(Work to be completed)
Print every entry exactly once more, omitting each picture.

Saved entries
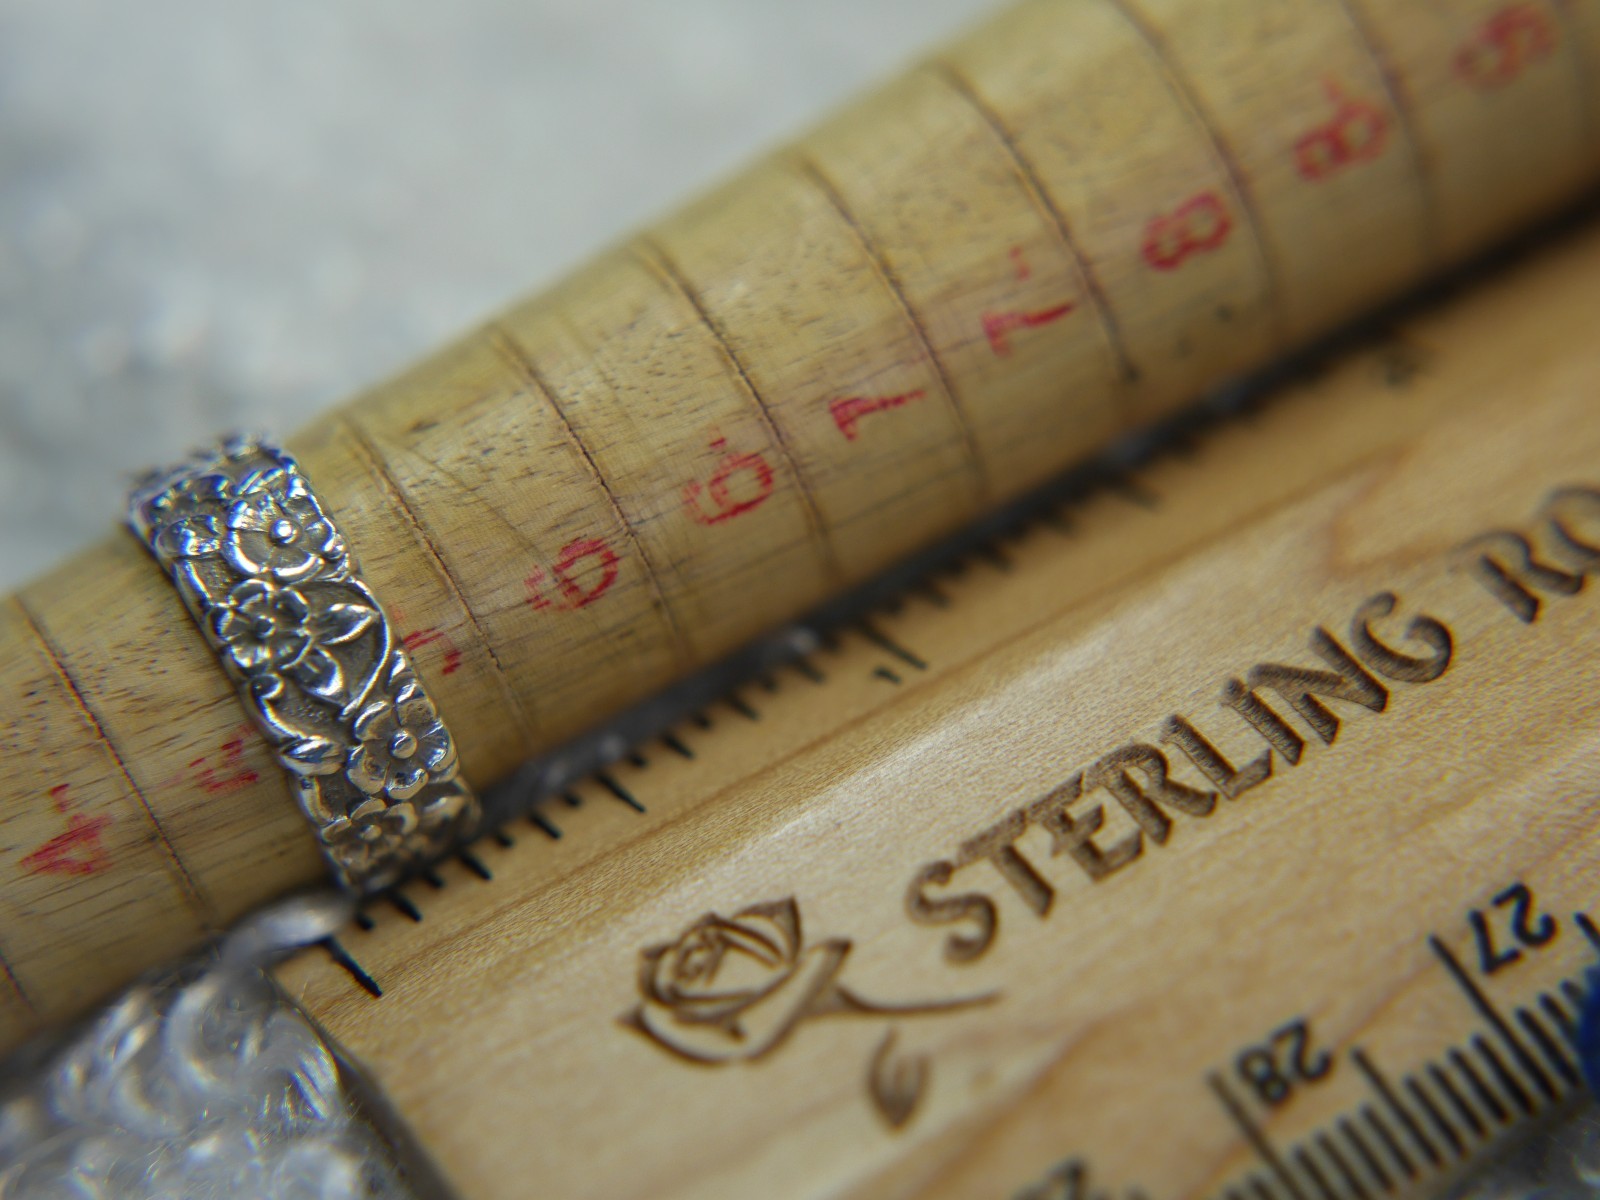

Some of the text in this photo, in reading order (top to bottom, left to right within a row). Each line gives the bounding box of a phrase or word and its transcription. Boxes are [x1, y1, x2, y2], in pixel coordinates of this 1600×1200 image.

[1141, 191, 1232, 272] 8
[904, 590, 1452, 965] STERLING
[1467, 881, 1557, 976] 27
[1233, 1016, 1335, 1105] 28

(Task response)
Some of the text in this photo, in reading order (top to bottom, left to right within a row). Each line gives the bounding box of a phrase or word and its transcription. Boxes are [x1, y1, x2, y2], in pixel coordinates of this 1600×1200 image.

[1141, 191, 1232, 272] 8
[904, 590, 1452, 965] STERLING
[1467, 881, 1557, 976] 27
[1233, 1016, 1335, 1105] 28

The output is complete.